— Work task —
Set down every entry exactly as given. Pictures are to be left out.

— Input data —

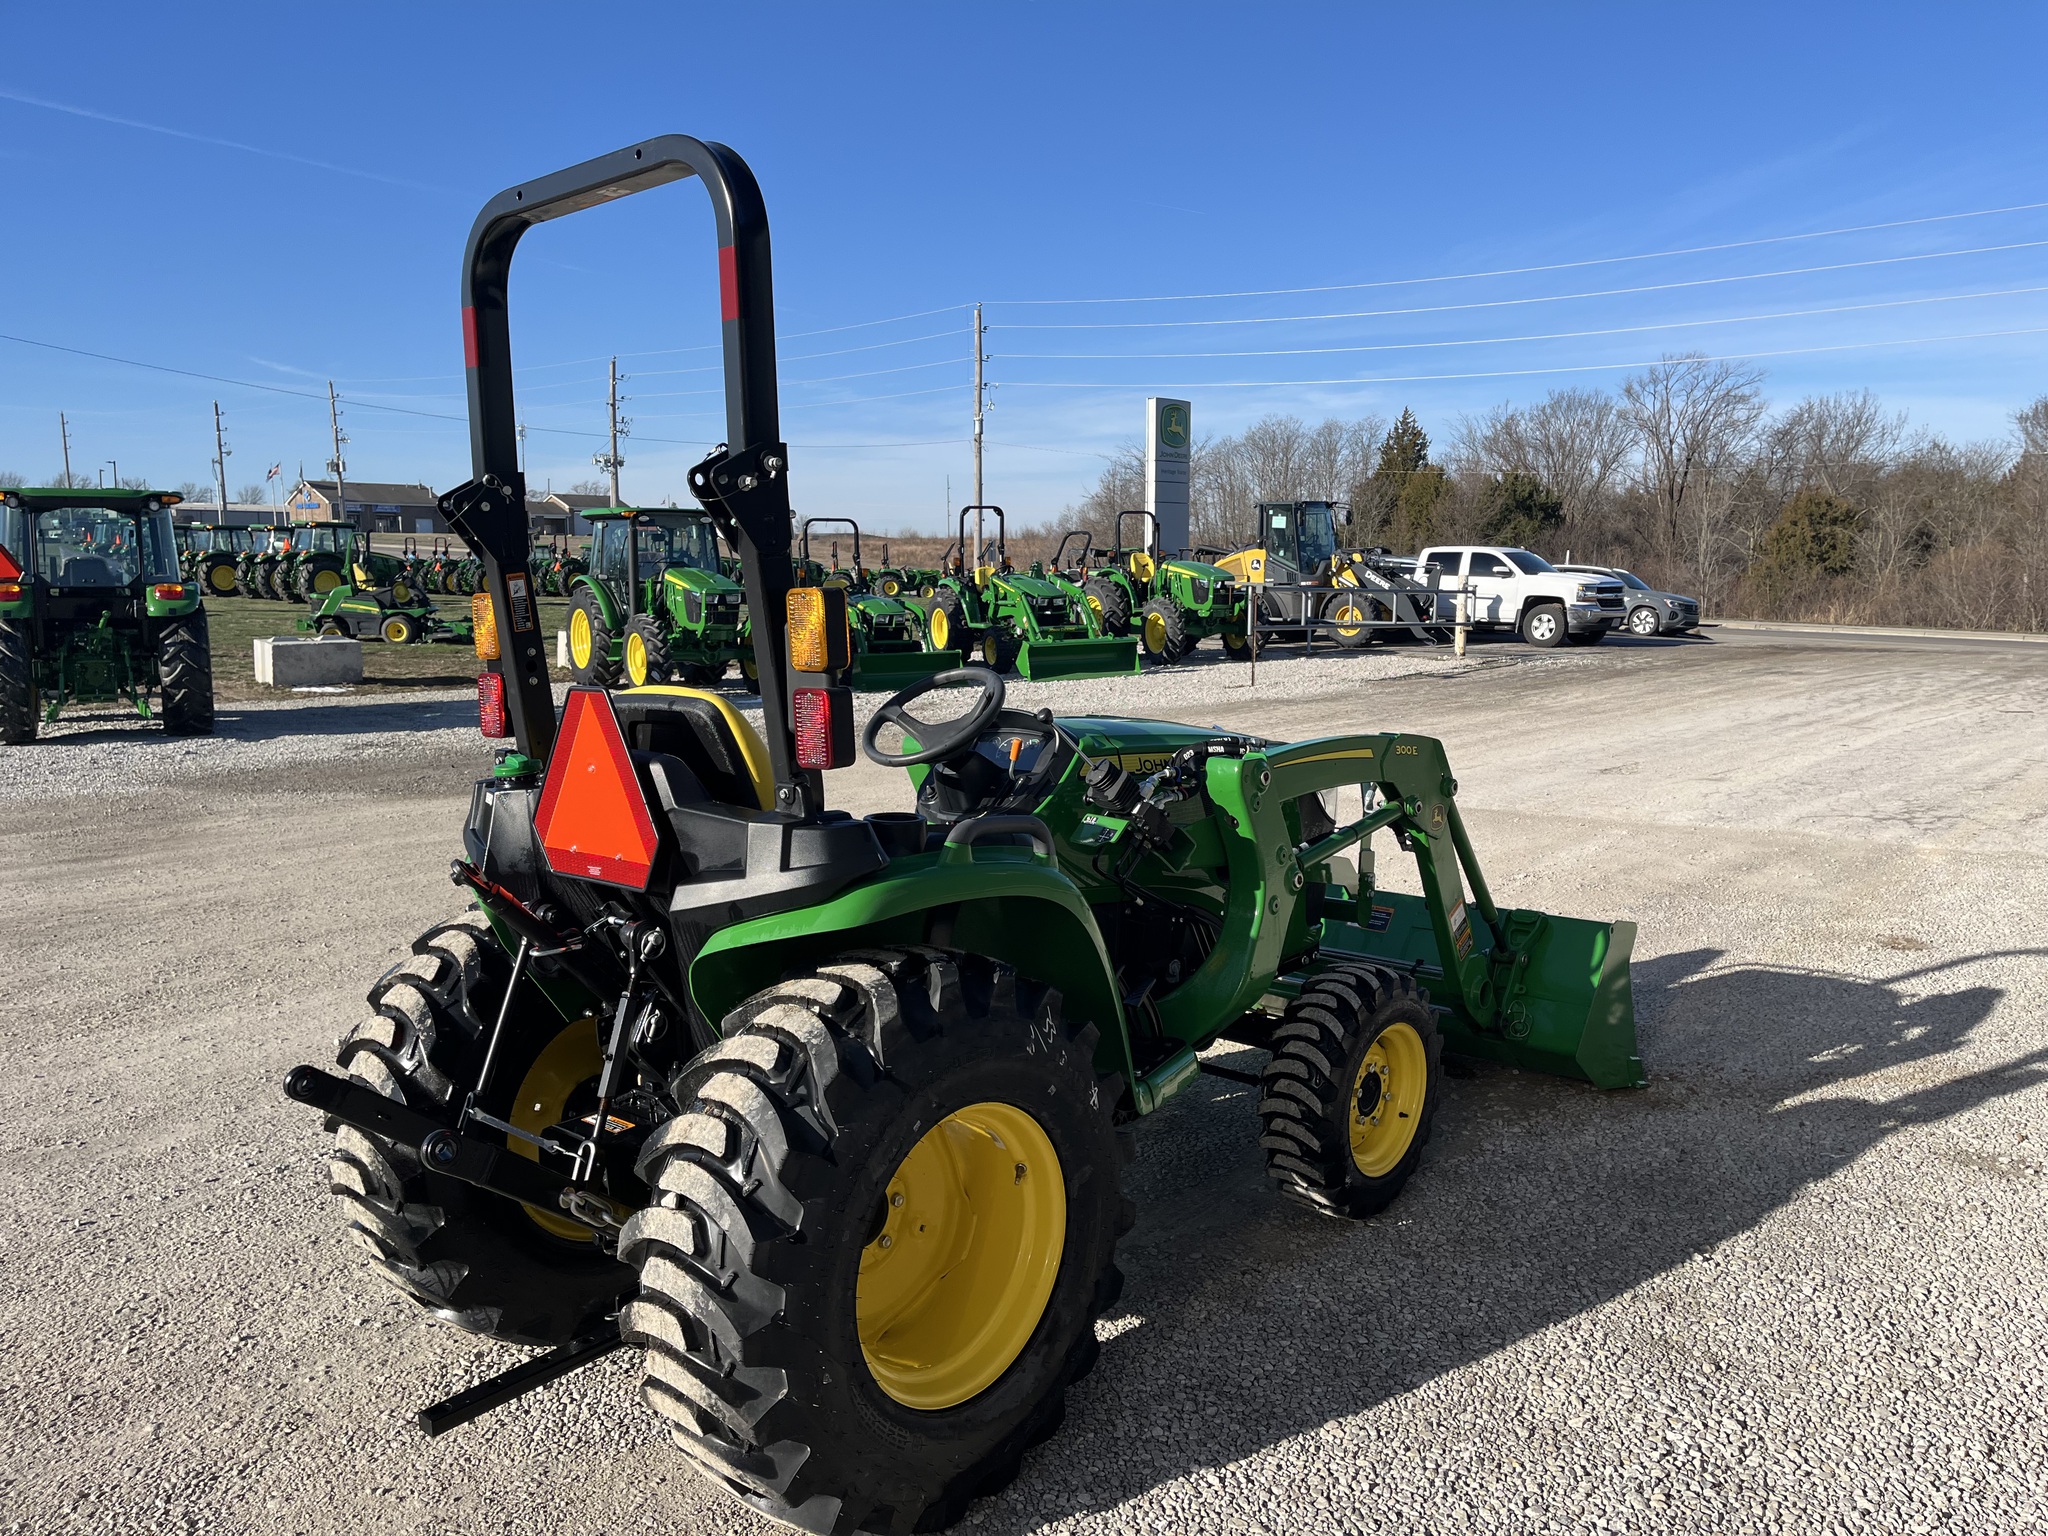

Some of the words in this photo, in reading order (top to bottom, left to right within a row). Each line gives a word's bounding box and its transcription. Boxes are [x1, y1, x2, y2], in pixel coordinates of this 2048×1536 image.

[1365, 570, 1391, 590] DEERE
[1207, 745, 1225, 753] MSHA
[1395, 745, 1418, 755] 300E
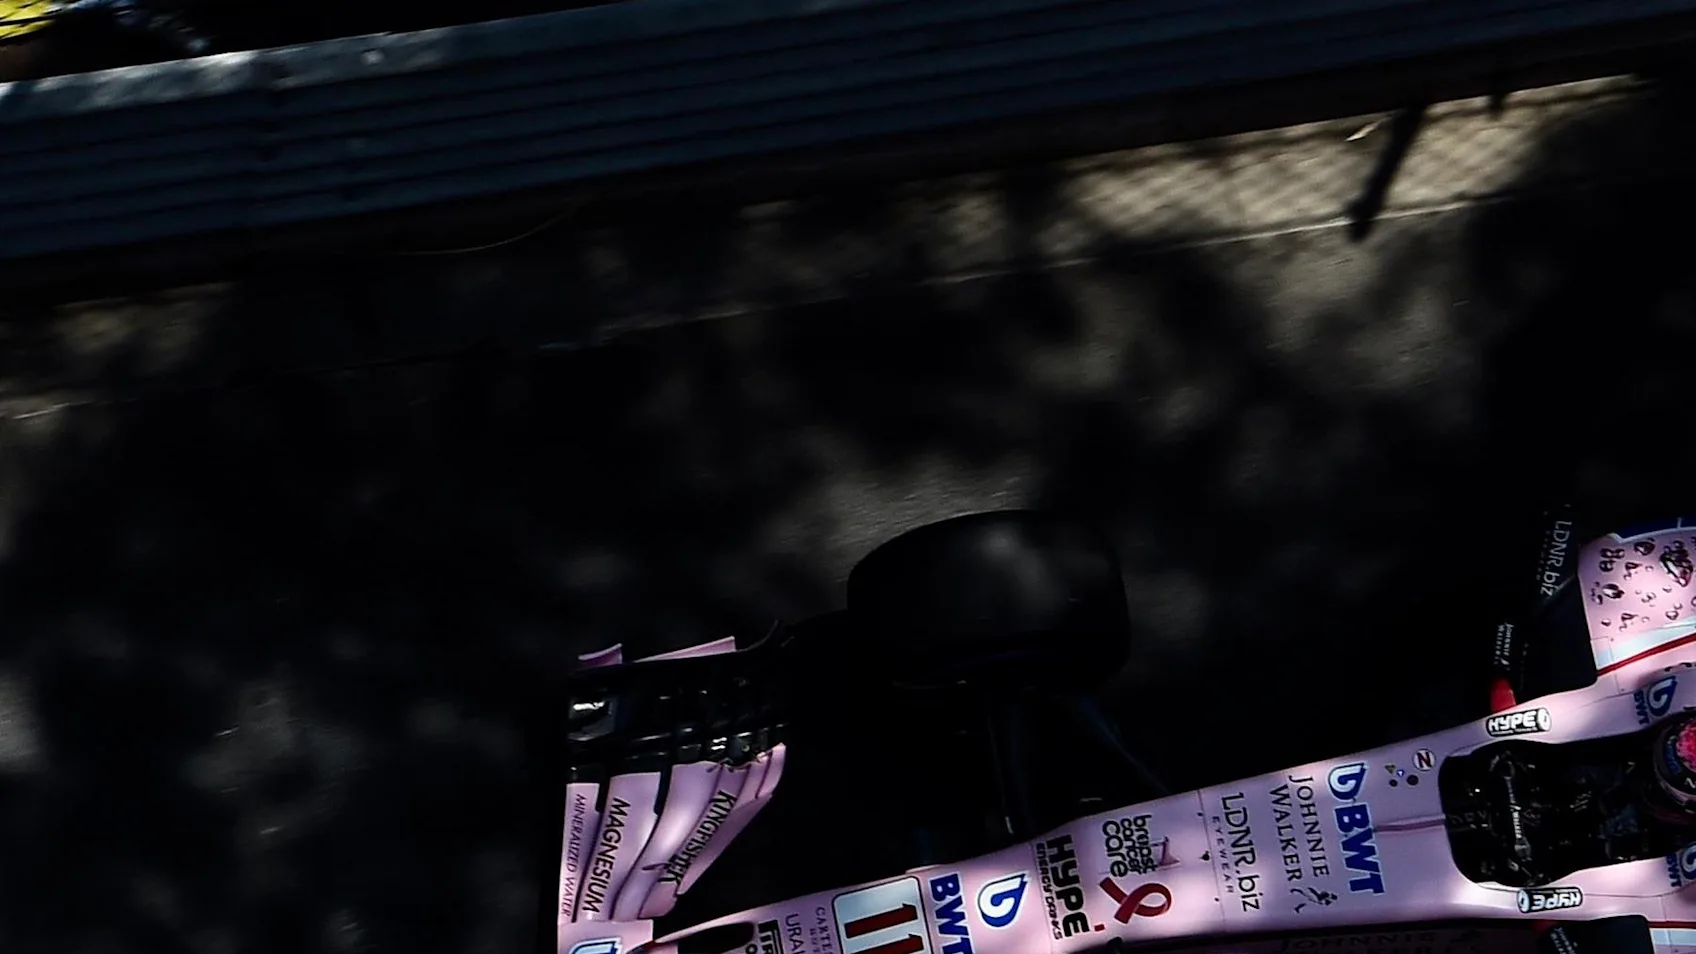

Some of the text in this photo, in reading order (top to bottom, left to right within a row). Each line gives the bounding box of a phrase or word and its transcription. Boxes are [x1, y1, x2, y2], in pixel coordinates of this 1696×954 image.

— Reply to the exercise —
Some of the words in this photo, in reading order (top to bottom, left to right within a row). Each line gives a word's bounding box and its transcription. Boxes are [x1, y1, x2, y2], in pixel coordinates of this 2048×1536 image.

[1365, 570, 1391, 590] DEERE
[1207, 745, 1225, 753] MSHA
[1395, 745, 1418, 755] 300E

Some of the text in this photo, in reading order (top to bottom, left to right within a row). Each line gives the bounding box of a phrase or word and its transcription. Boxes are [x1, y1, x2, y2], in pixel coordinates of this 1696×954 image.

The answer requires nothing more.